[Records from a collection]
+-------+
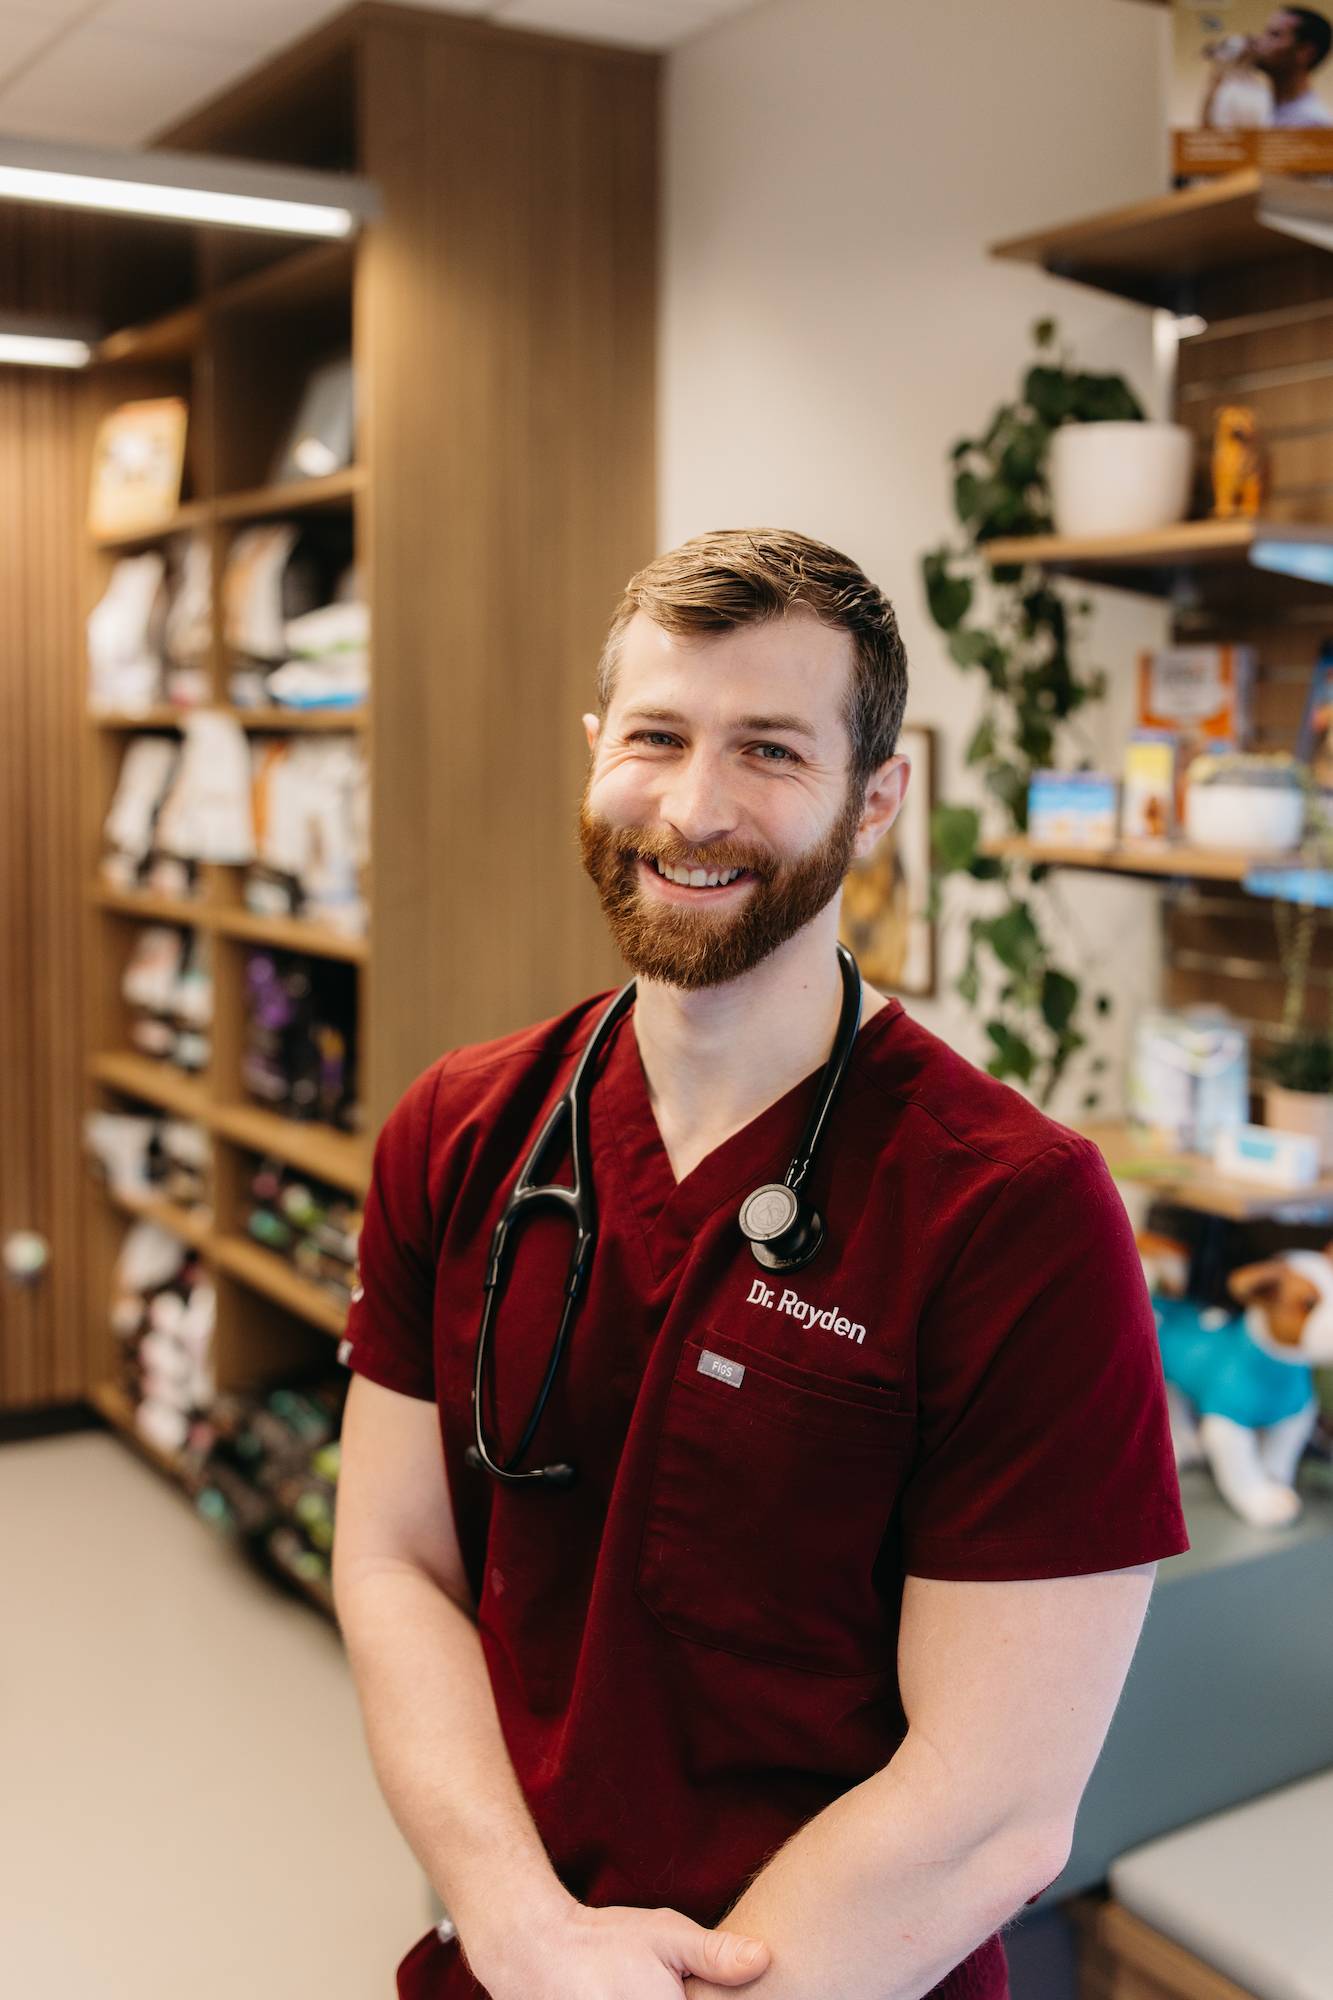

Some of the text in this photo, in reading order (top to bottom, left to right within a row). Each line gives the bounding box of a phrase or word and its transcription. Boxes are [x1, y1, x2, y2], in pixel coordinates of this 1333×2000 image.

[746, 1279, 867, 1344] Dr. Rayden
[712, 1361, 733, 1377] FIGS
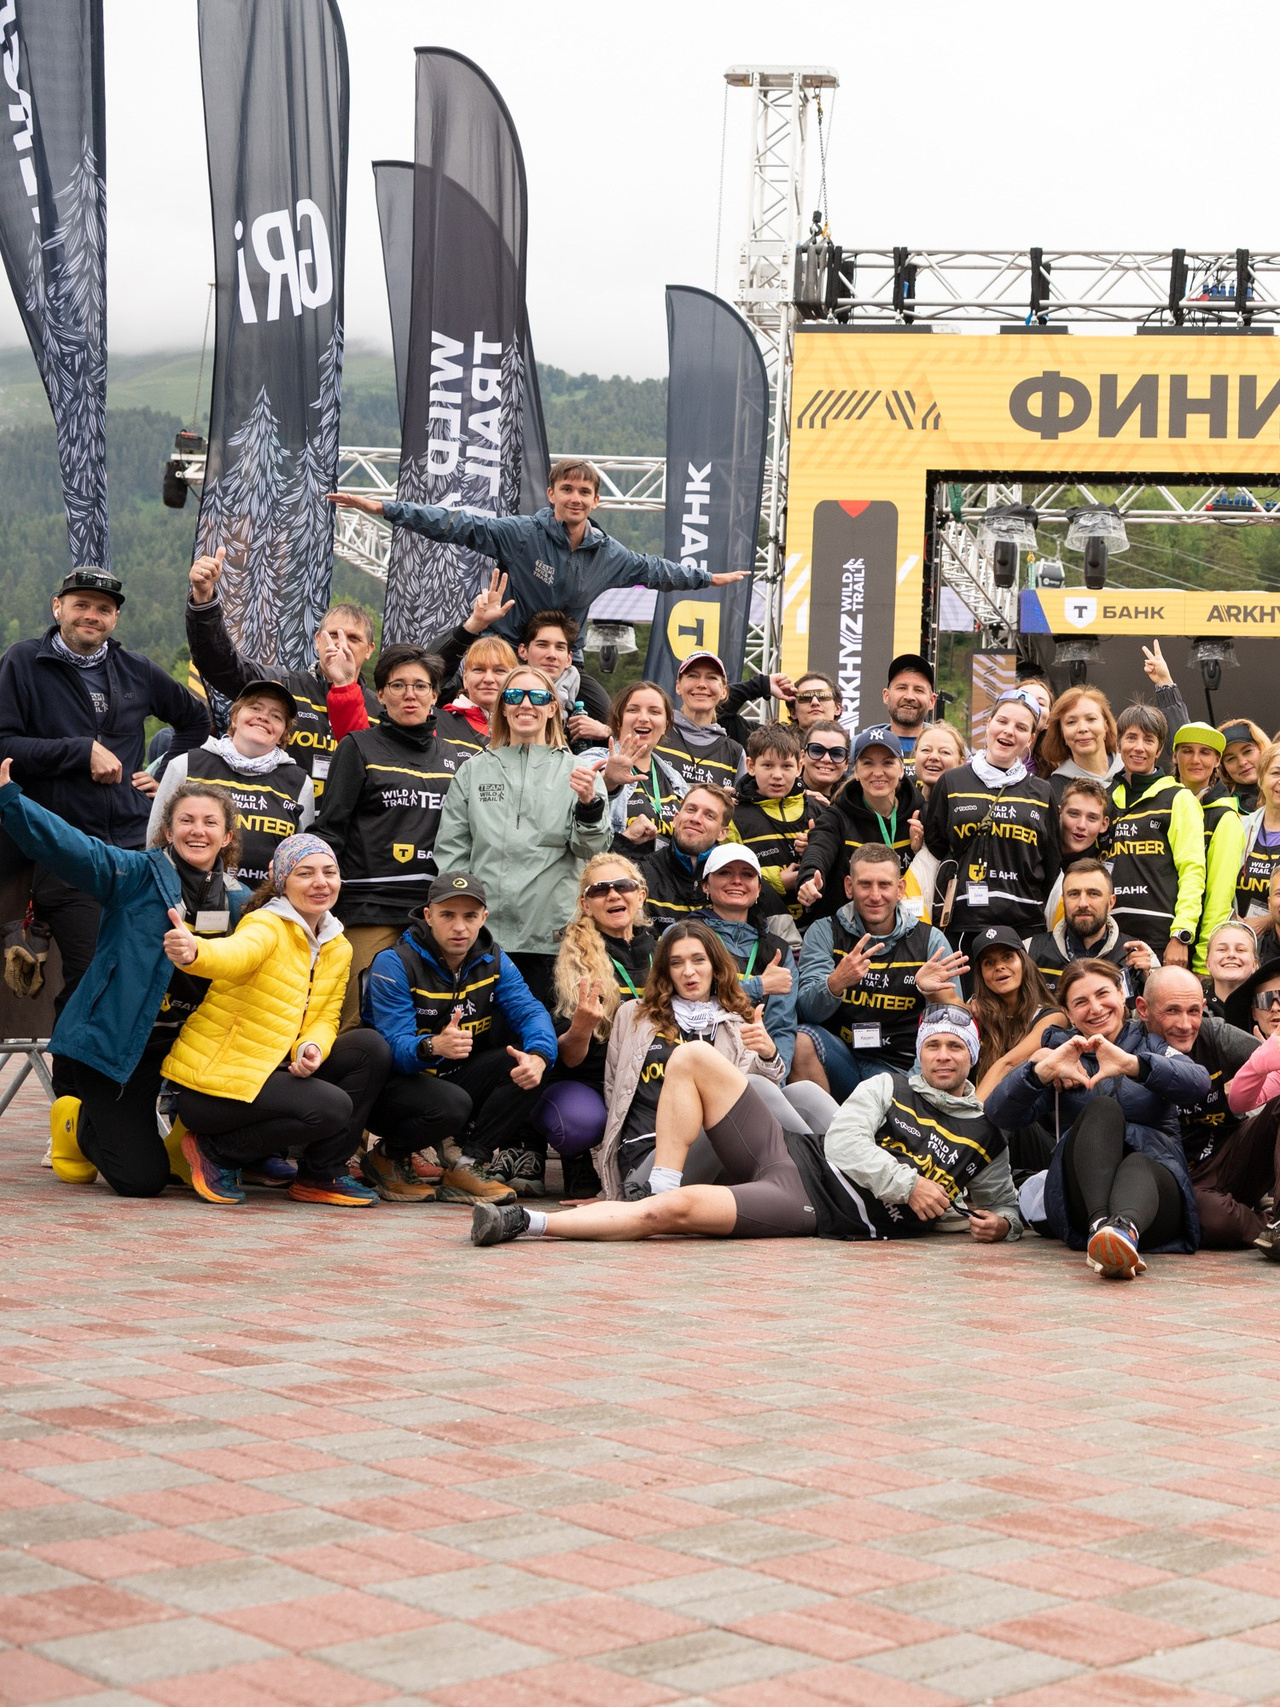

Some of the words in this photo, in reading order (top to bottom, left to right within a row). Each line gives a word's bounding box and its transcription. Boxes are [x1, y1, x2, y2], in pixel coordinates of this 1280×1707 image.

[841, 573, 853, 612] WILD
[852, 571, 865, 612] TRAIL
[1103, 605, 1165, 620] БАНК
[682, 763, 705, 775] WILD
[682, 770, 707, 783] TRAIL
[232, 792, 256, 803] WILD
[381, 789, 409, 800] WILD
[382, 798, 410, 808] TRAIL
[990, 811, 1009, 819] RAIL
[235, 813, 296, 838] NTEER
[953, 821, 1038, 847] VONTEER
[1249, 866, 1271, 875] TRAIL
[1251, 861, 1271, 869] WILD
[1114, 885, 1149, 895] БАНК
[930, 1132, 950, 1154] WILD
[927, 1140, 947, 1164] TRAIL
+-------+
The reply should hold every entry above, given again exactly, but not a single picture.

Some of the text in this photo, in reading order (top to bottom, left to right within a row). Each line gives the bounding box of a phrase or word and its transcription. Boxes are [x1, y1, x2, y2], in pixel coordinates of this 1333×2000 image.

[746, 1279, 867, 1344] Dr. Rayden
[712, 1361, 733, 1377] FIGS

Some of the words in this photo, in reading order (top to bottom, left to right within a row). Each line gives a word's bounding box and its transcription. Boxes are [x1, y1, x2, y2], in pixel coordinates of this 1280×1707 image.

[841, 573, 853, 612] WILD
[852, 571, 865, 612] TRAIL
[1103, 605, 1165, 620] БАНК
[682, 763, 705, 775] WILD
[682, 770, 707, 783] TRAIL
[232, 792, 256, 803] WILD
[381, 789, 409, 800] WILD
[382, 798, 410, 808] TRAIL
[990, 811, 1009, 819] RAIL
[235, 813, 296, 838] NTEER
[953, 821, 1038, 847] VONTEER
[1249, 866, 1271, 875] TRAIL
[1251, 861, 1271, 869] WILD
[1114, 885, 1149, 895] БАНК
[930, 1132, 950, 1154] WILD
[927, 1140, 947, 1164] TRAIL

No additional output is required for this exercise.